NYSE Technologies Puts Cloud Middleware Out in the Open
October 31, 2011
NYSE Technologies said it had donated a piece of code that sits in between applications and operating systems, so that trading, market data and other programs can be “openly” created, at low cost, for use on computing clouds.
The commercial technology unit of NYSE Euronext (NYX) said that it was turning over its Middleware Agnostic Messaging Application Programming Interface (MAMA) to the Linux Foundation, a nonprofit consortium that fosters the use of and distribution of source code that any developer can use. The source code can be downloaded via the Internet, without charge.
In this case, the NYSE Technologies code is being renamed OpenMAMA. It is intended to be a “vendor neutral platform” for the financial services industry, to programs and services that can be used on demand.
Exegy, a market data appliance company, said it would join the OpenMAMA Steering Group. Other members of that group will include J.P. Morgan, Bank of America Merrill Lynch, EMC and Fixnetix.
The move comes two weeks after NYSE Technologies launched what it called Capital Markets Community Platform Advisory Service designed to get market participants to move services into on-demand or “cloud” computing platforms and five months after the formal launch of its Capital Markets Community Platform, a cloud service that also involves virtualization software supplier VMware and storage giant EMC.
That cloud is designed to provide direct, on-demand access to high-performance, low-latency services from NYSE Technologies, including its Superfeed of market data, its Risk Management Gateway, its Managed Services Hub, and its global Liquidity Center Network.
Turning over its middleware is its attempt to allay concerns of market participants that developing market data or other applications for that platform would lock them in to NYSE Technologies' cloud.
“Even if you’re on our cloud platform, you’re not locked in to our cloud platform,’’ said Brian Doherty, managing director of enterprise software for NYSE Technologies.

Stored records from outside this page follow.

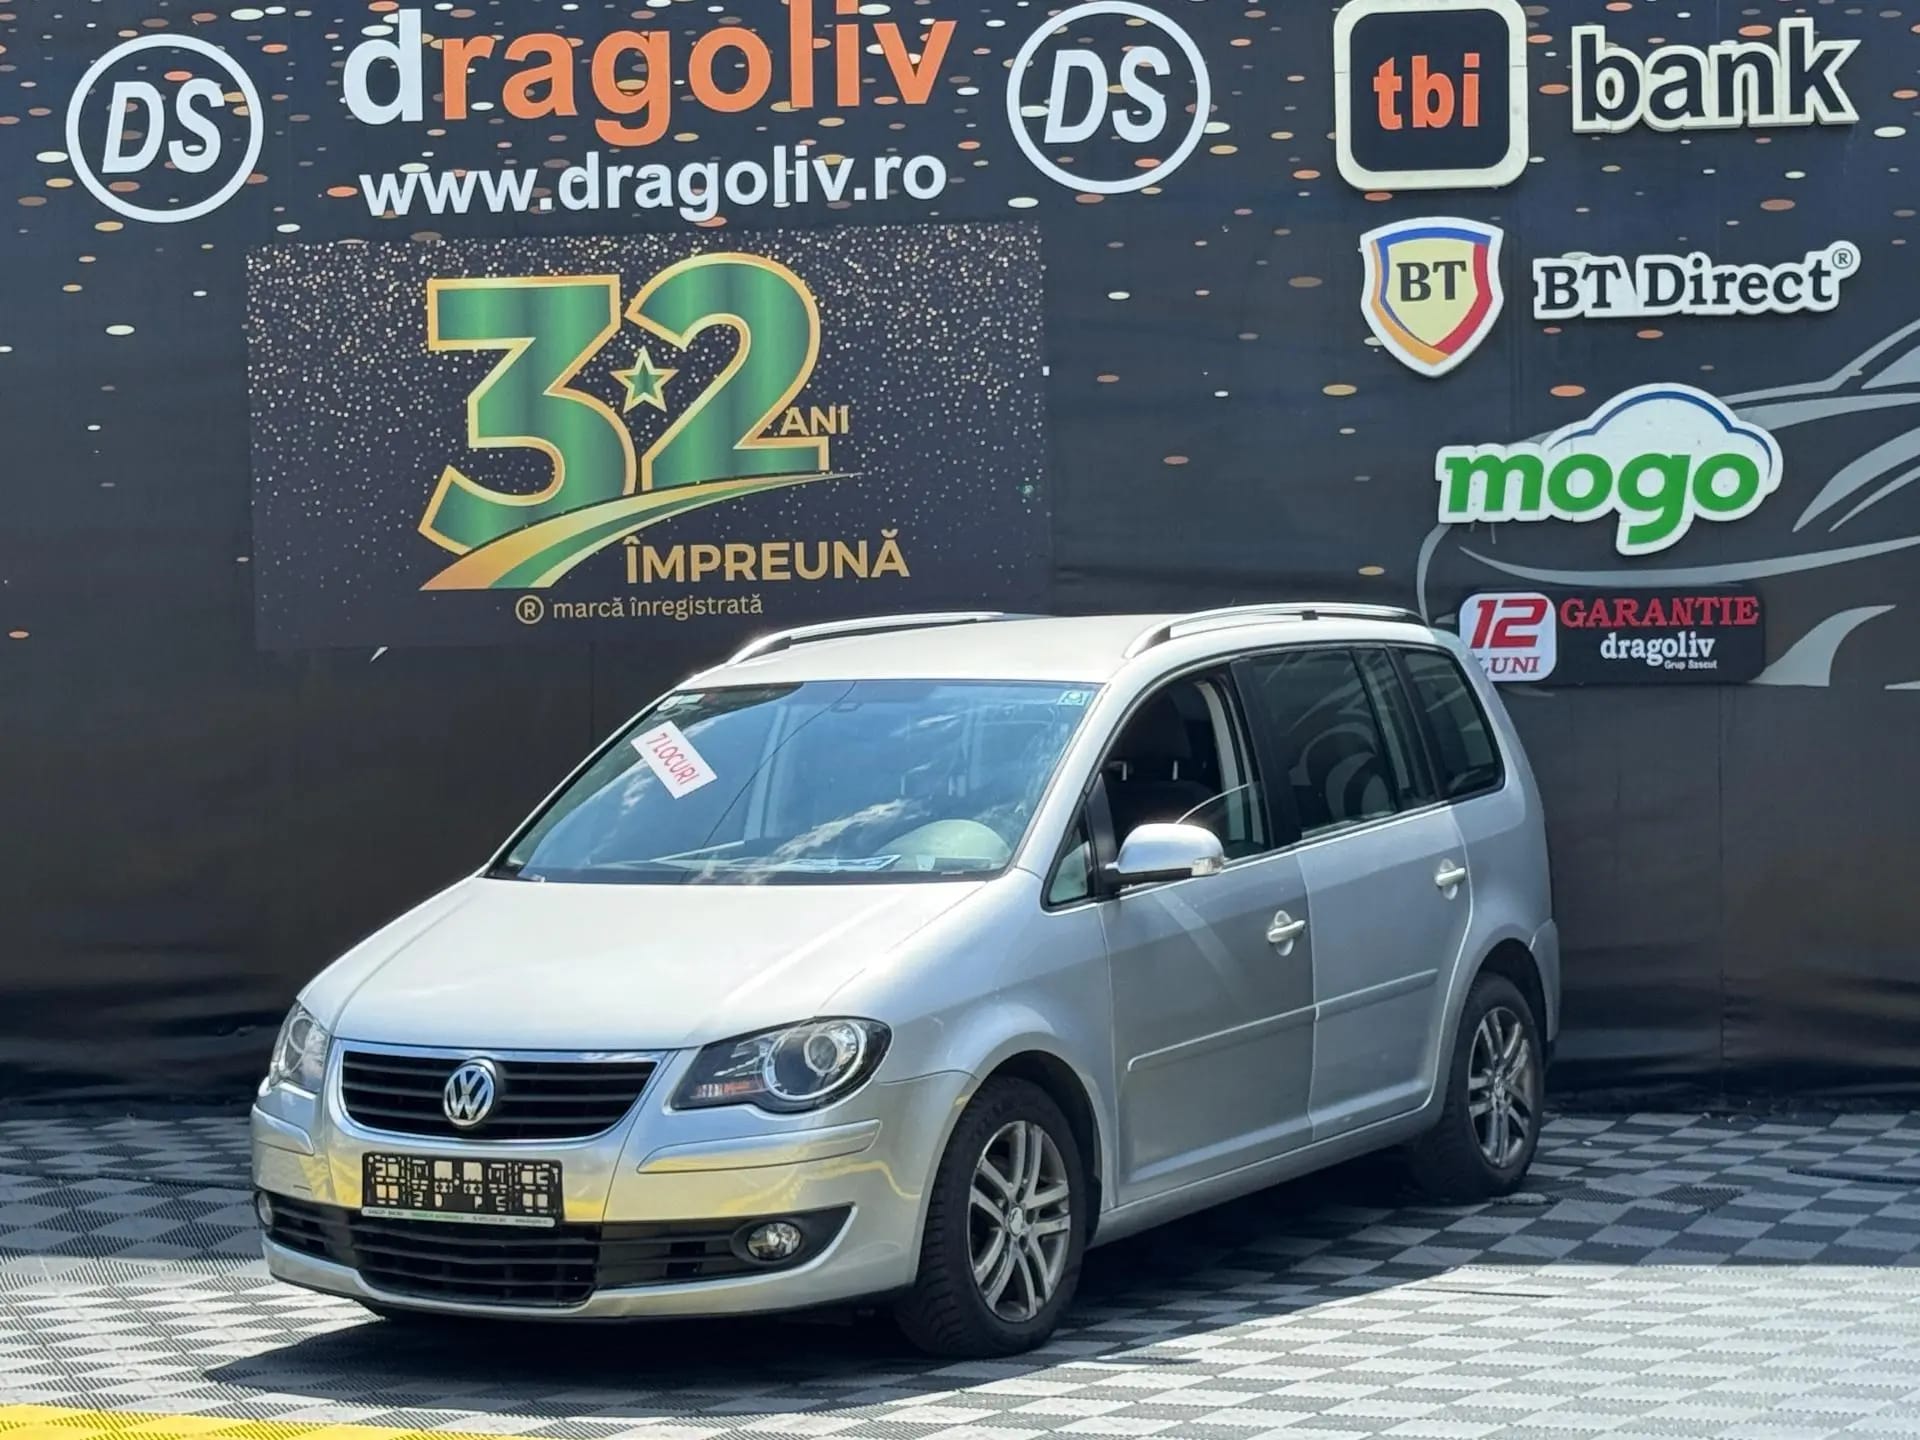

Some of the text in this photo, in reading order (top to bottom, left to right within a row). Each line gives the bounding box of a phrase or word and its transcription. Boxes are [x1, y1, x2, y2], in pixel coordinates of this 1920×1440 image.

[342, 0, 957, 147] dragoliv
[1043, 46, 1172, 144] DS
[1373, 53, 1481, 130] tbi
[1578, 24, 1848, 124] bank
[102, 78, 226, 174] DS
[359, 145, 947, 222] www.dragoliv.ro
[1396, 260, 1468, 302] BT
[1540, 262, 1622, 311] BT
[418, 252, 830, 555] 32
[780, 405, 850, 435] ANI
[1444, 452, 1760, 546] mogo
[625, 529, 910, 584] ÎMPREUNĂ
[553, 597, 625, 619] marcă
[630, 593, 764, 621] înregistrată
[1469, 599, 1549, 649] 12
[1560, 595, 1760, 629] GARANTIE
[1478, 656, 1541, 674] UNI
[1600, 630, 1716, 667] dragoliv
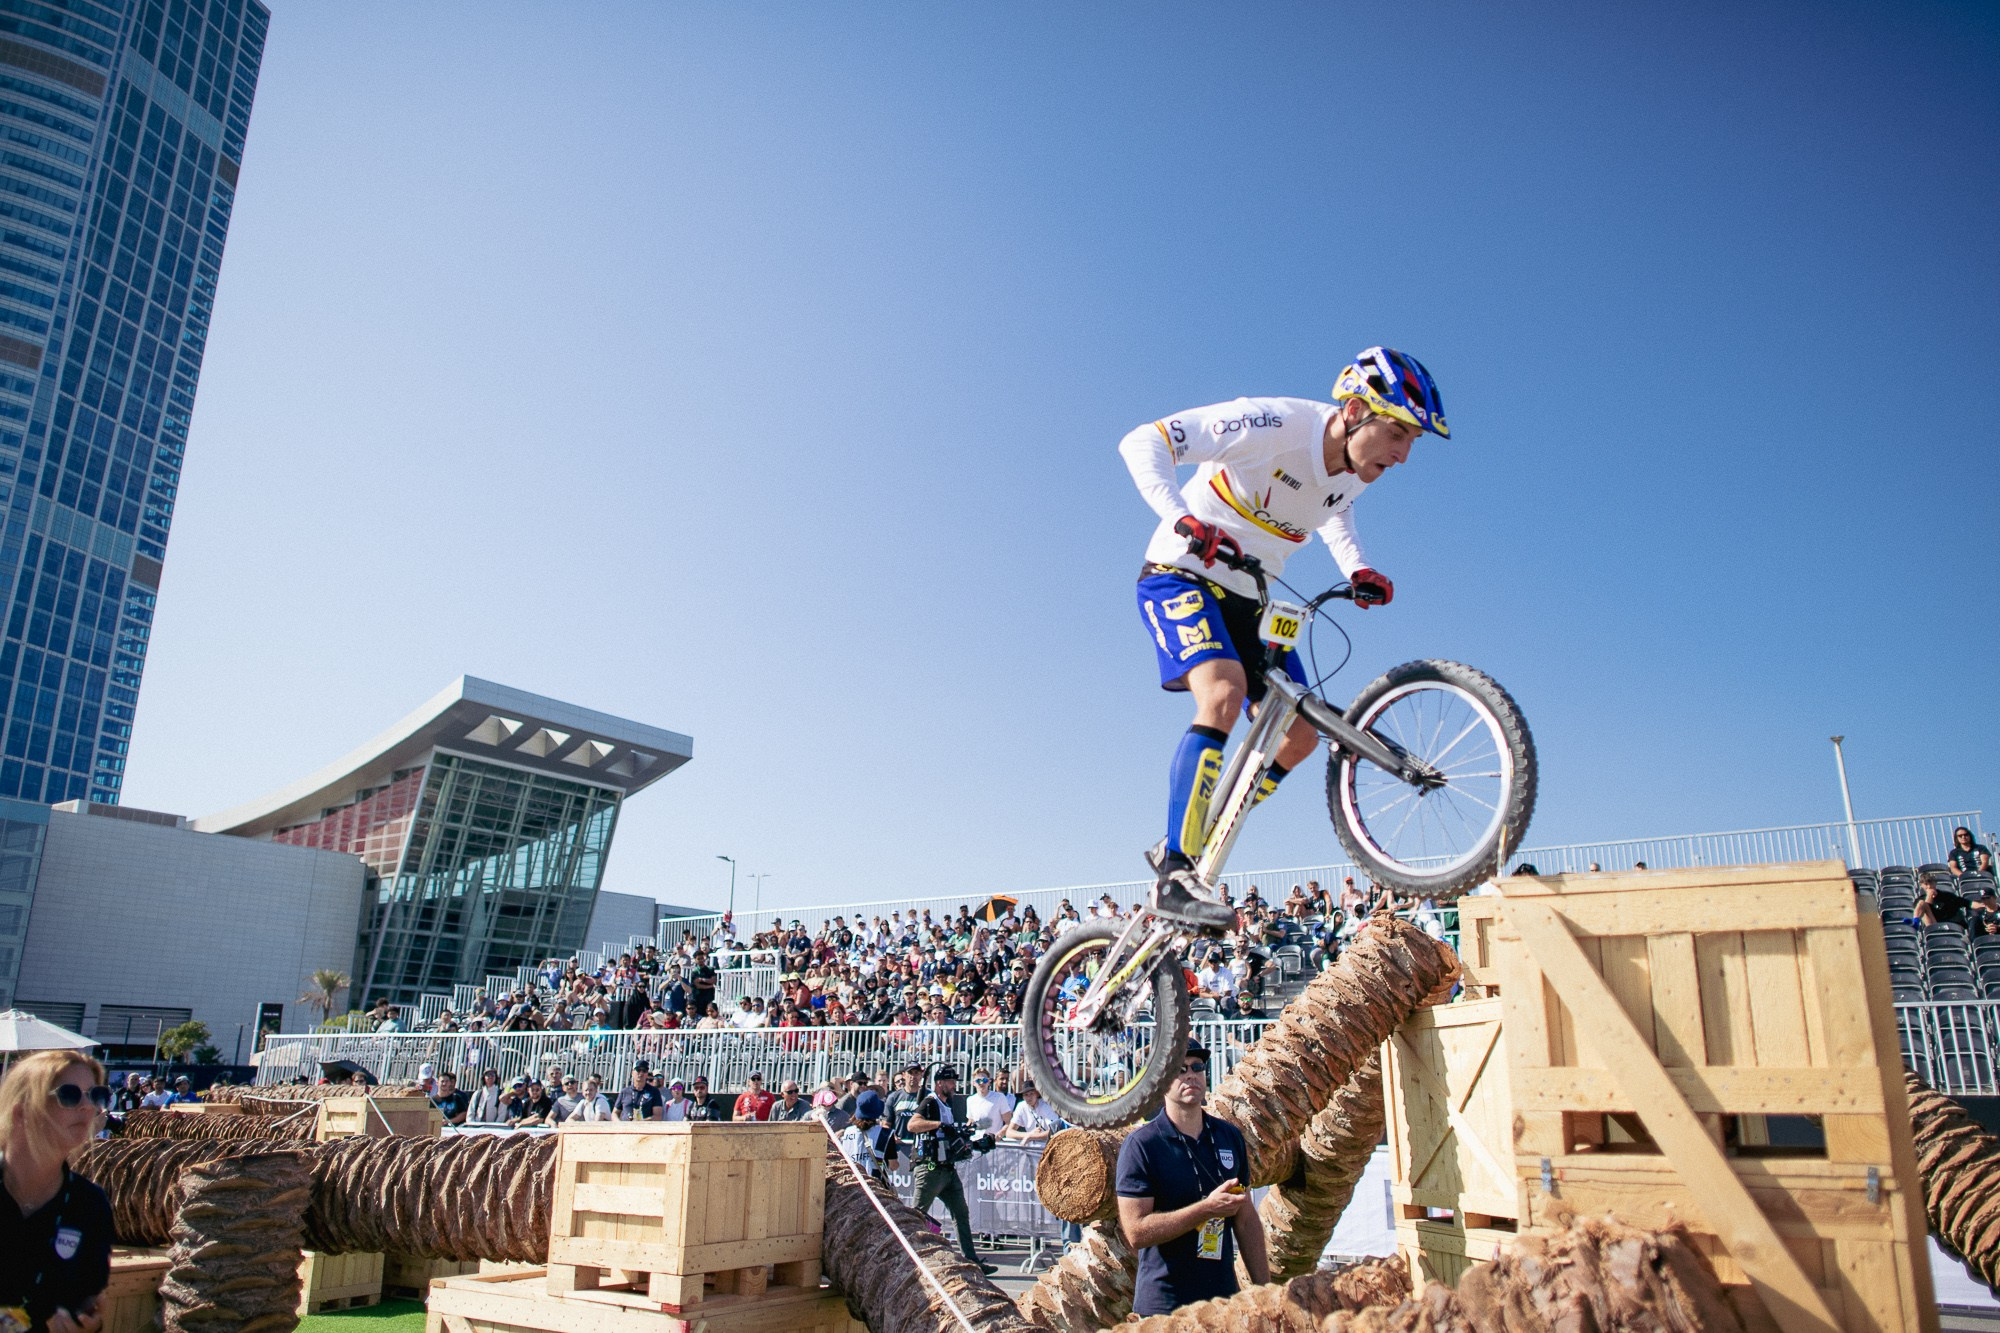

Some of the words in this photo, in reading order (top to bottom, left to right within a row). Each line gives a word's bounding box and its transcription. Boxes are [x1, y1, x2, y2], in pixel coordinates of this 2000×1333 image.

[1213, 412, 1284, 436] Cofidis
[1275, 617, 1299, 639] 102
[1179, 641, 1223, 661] COMAS
[851, 1152, 871, 1164] STAFF
[976, 1172, 1010, 1191] bike
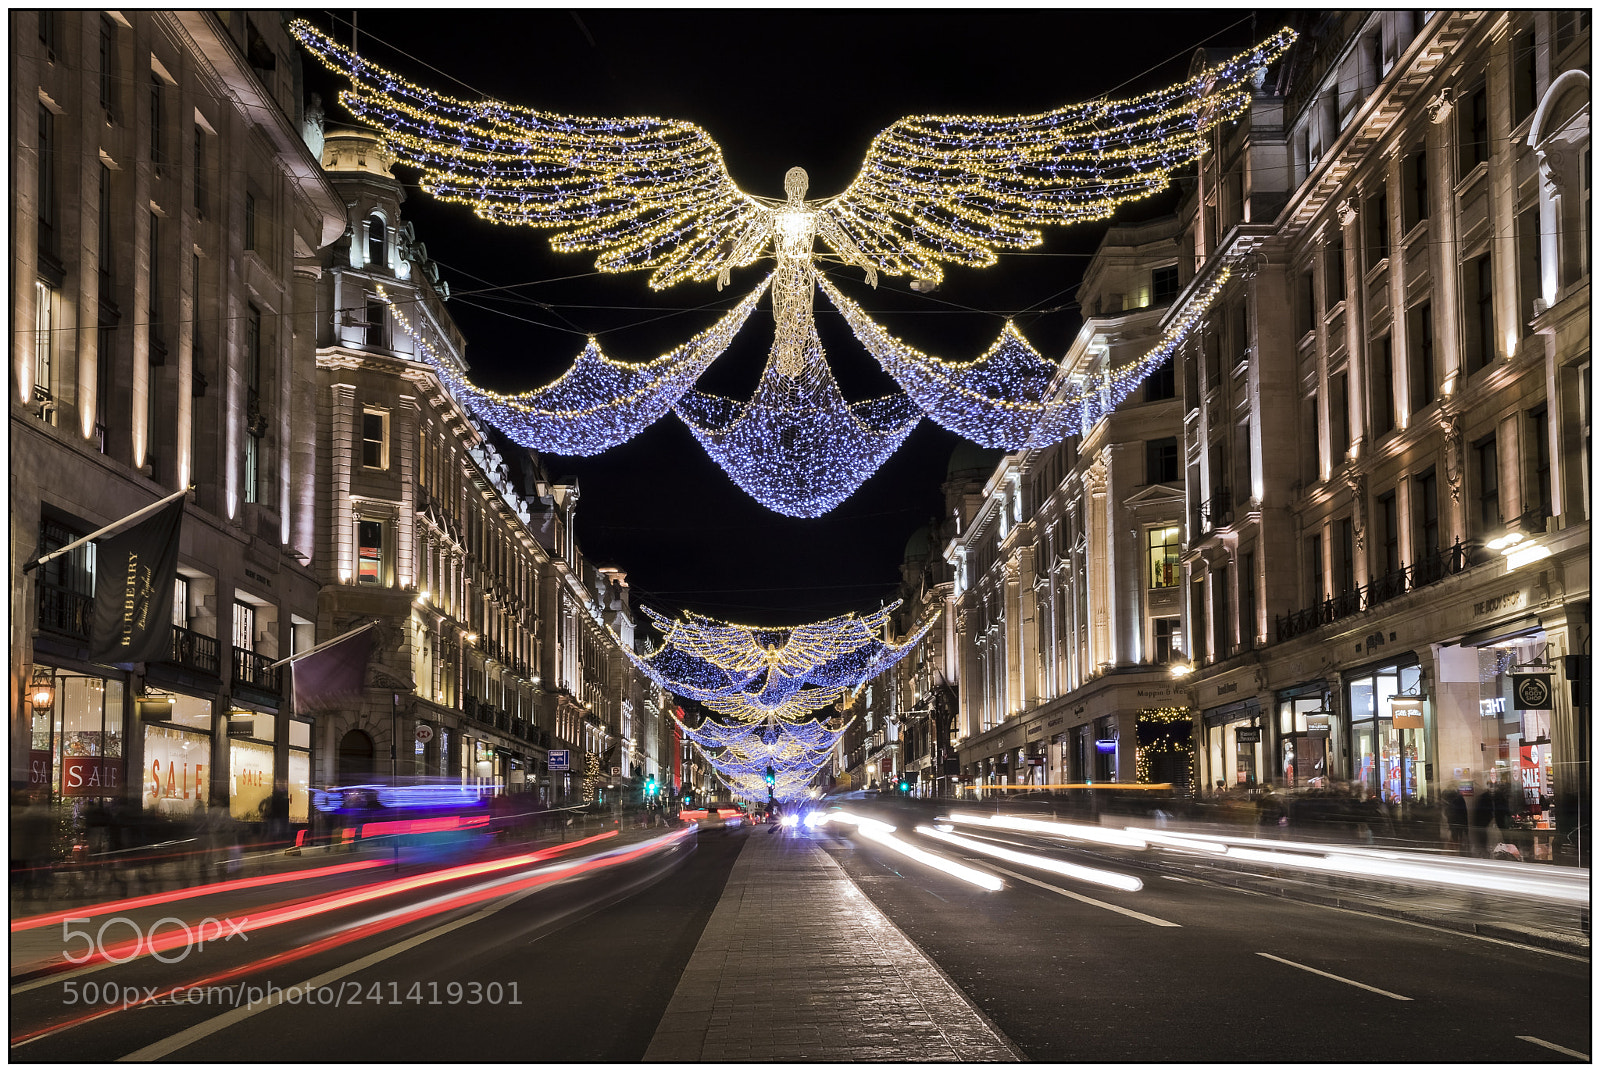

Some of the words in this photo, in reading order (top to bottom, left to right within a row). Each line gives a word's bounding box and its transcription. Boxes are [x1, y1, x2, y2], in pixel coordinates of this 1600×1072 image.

"NYSE Technologies’ vision has always been to create a new breed of capital markets community that benefits from our extensive global network and utilizes the best, most innovative technologies from a range of service providers, not just ourselves,” said Stanley Young, CEO, NYSE Technologies. Young estimated that 150 market participants use MAMA, at this point.
Exegy, Doherty noted, is a competitor to NYSE Technologies in the supply of market data to market participants, for instance.
Exegy said that a customer that has an Exegy Ticker Plant could, for instance, more easily share market data across different internal departments. If a trading firm's prop group is already subscribing but it wants a compliance group to see top-of-book data the standardization on MAMA will make this easier. If the compliance group already has MAMA serving up data to its risk systems, they will be able to get the same order book data from the same source.
Doherty expects market data feeds to be the first area of development that could see wide use of the OpenMAMA interfact.